United States District Court, W.D. Washington, Tacoma

August 26, 2019

ANGELA B., Plaintiff,


          David W. Christel, United States Magistrate Judge

         Noting Dated: September 13, 2019 The District Court has referred this action, filed pursuant to 42 U.S.C. § 405(g), to United States Magistrate Judge David W. Christel. Plaintiff filed this matter seeking judicial review of Defendant's denial of her applications for supplemental security income (“SSI”) and disability insurance benefits (“DIB”).

         After considering the record, the Court concludes the Administrative Law Judge (“ALJ”) committed harmful error by failing to provide legally sufficient reasons to reject opinion evidence from Dr. Kamran Khan, M.D., and Ms. Julie Milasich, O.T, and therefore, by failing to properly determine Plaintiff's residual functional capacity (“RFC”). Accordingly, the undersigned recommends this matter be reversed and remanded pursuant to sentence four of 42 U.S.C. § 405(g) to the Commissioner of the Social Security Administration for further proceedings consistent with this Report and Recommendation.


         On March 23, 2015, Plaintiff filed applications for SSI and DIB, alleging disability as of April 25, 2014. See Dkt. 8, Administrative Record (“AR”) 13. The applications were denied upon initial administrative review and on reconsideration. See AR 13. ALJ Larry Kennedy held the first hearing in this matter on April 20, 2017. AR 77-121. The ALJ continued that hearing to be completed on a future date because Plaintiff was unable to complete her testimony. See AR 13, 117-20. On January 29, 2018, the ALJ held the second hearing. AR 40-76. In a decision dated March 12, 2018, the ALJ found that, considering Plaintiff's prior applications for disability which were administratively final, the relevant period for her current applications begins September 15, 2014.[1] See AR 13-14. The ALJ also determined Plaintiff to be not disabled. AR 10-39. The Appeals Council denied Plaintiff's request for review of the ALJ's decision, making the ALJ's decision the final decision of the Commissioner. See AR 1-6; 20 C.F.R. §§ 404.981, 416.1481.

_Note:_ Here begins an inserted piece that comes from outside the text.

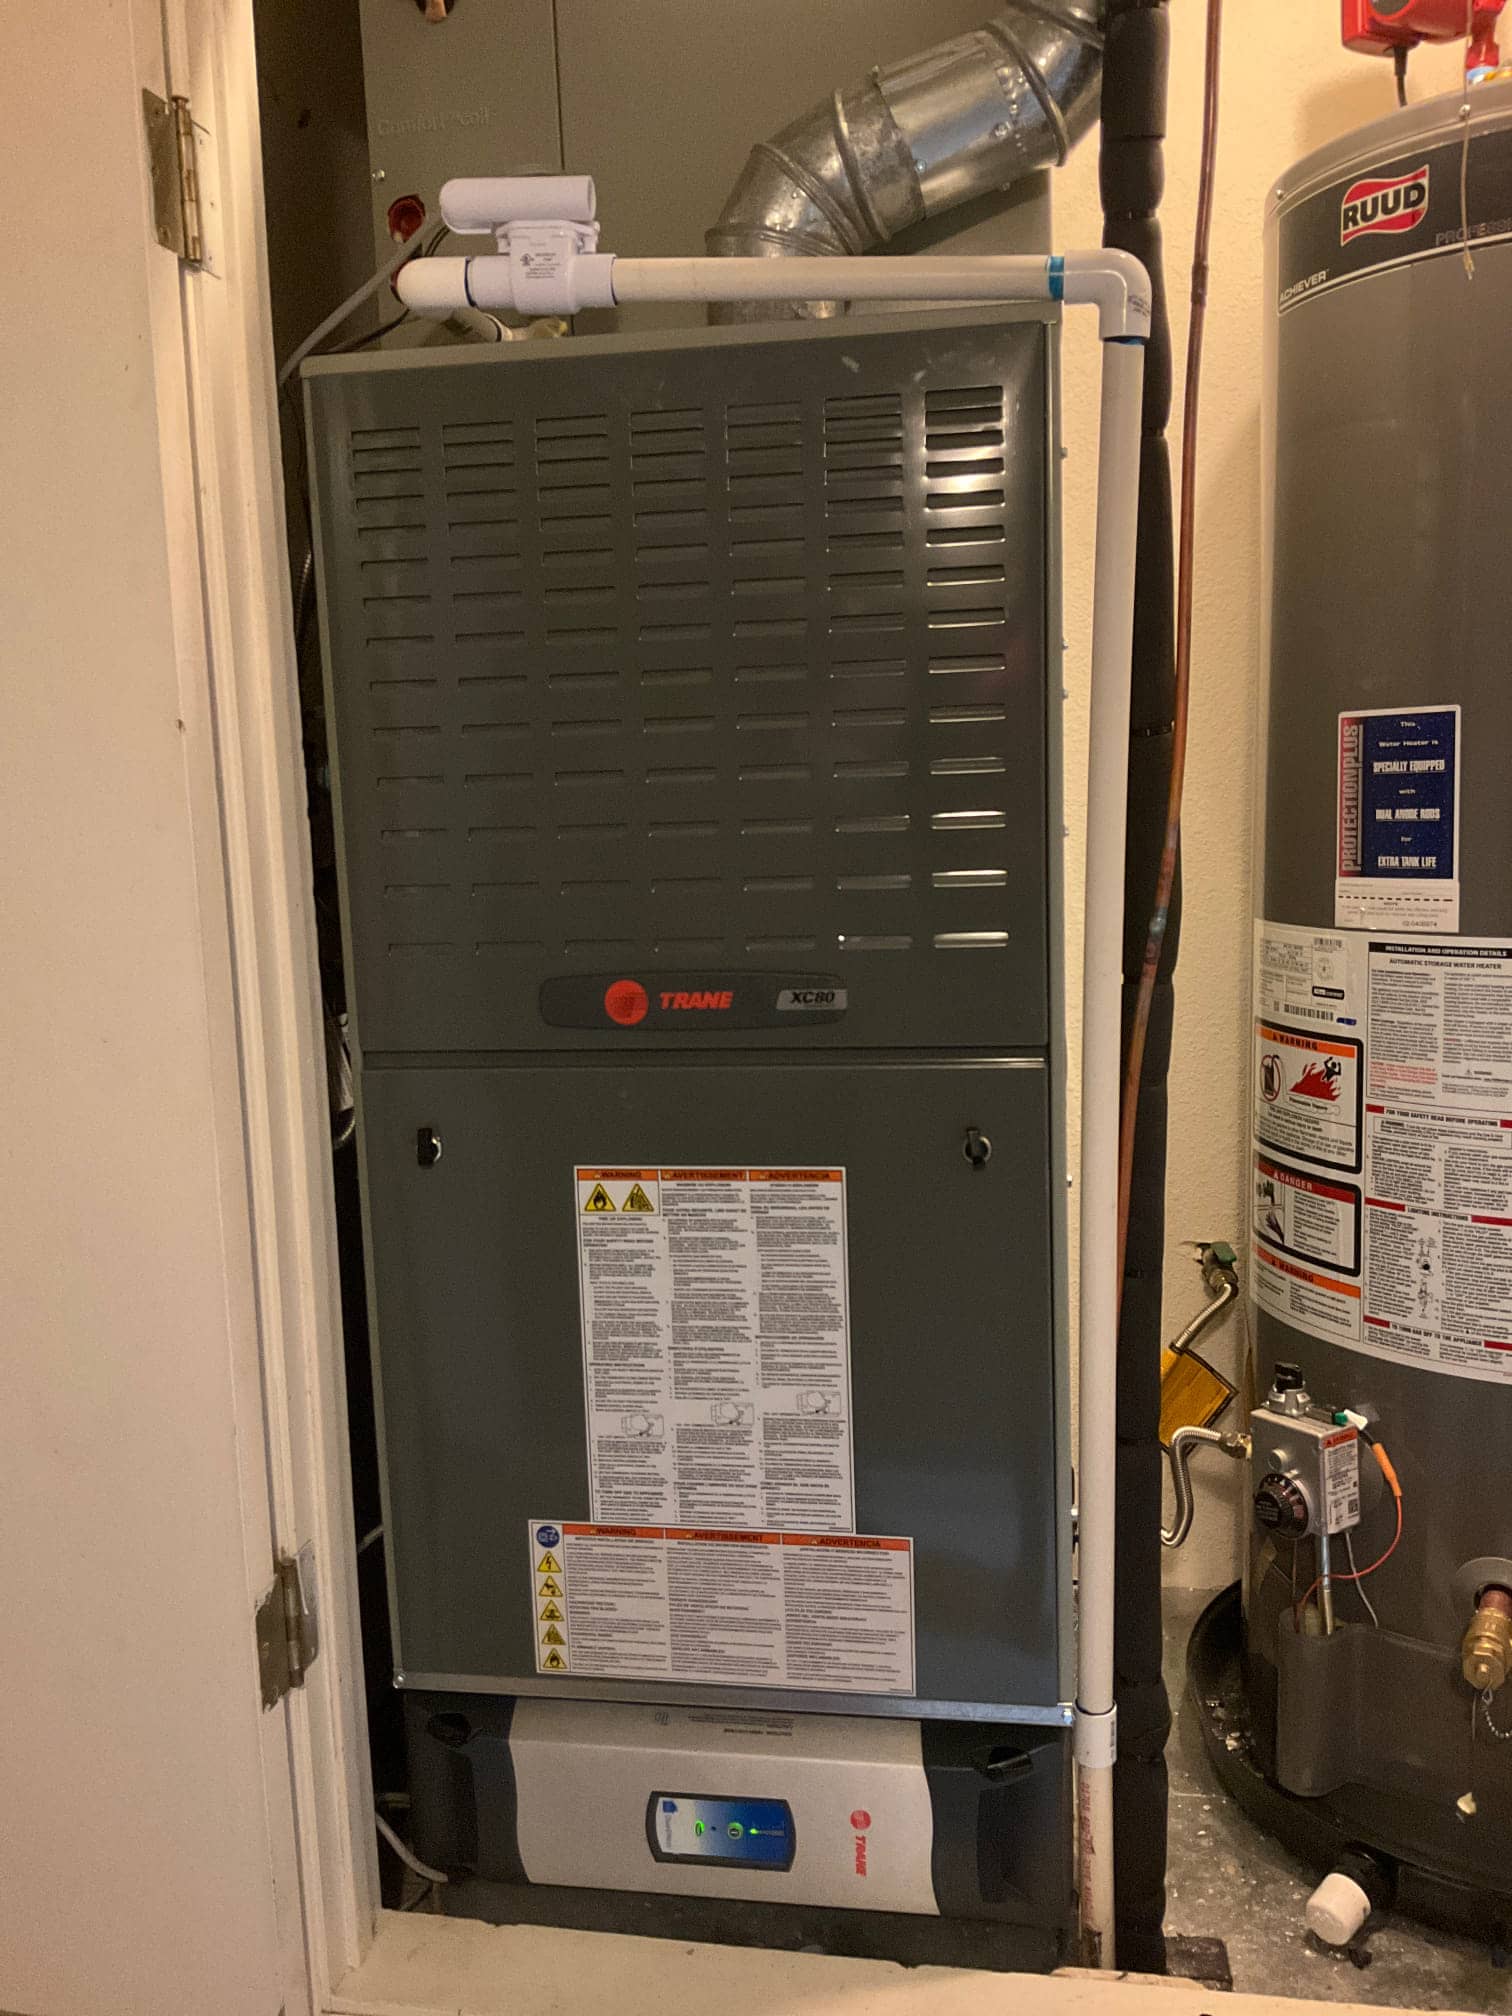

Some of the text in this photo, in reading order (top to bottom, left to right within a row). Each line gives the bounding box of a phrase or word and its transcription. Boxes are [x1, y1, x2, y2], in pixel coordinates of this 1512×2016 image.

         In Plaintiff's Opening Brief, Plaintiff maintains the ALJ erred by failing to: (1) properly consider opinion evidence from Dr. Khan, Ms. Milasich, Dr. Myung Song, D.O., and Dr. Frank Barnes, M.D.; and (2) state specific, clear and convincing reasons to reject Plaintiff's subjective symptom testimony. See Dkt. 10.


         Pursuant to 42 U.S.C. § 405(g), this Court may set aside the Commissioner's denial of social security benefits if the ALJ's findings are based on legal error or not supported by substantial evidence in the record as a whole. Bayliss v. Barnhart, 427 F.3d 1211, 1214 n.1 (9th Cir. 2005) (citing Tidwell v. Apfel, 161 F.3d 599, 601 (9th Cir. 1999)).


         I. Whether the ALJ properly assessed the opinion evidence.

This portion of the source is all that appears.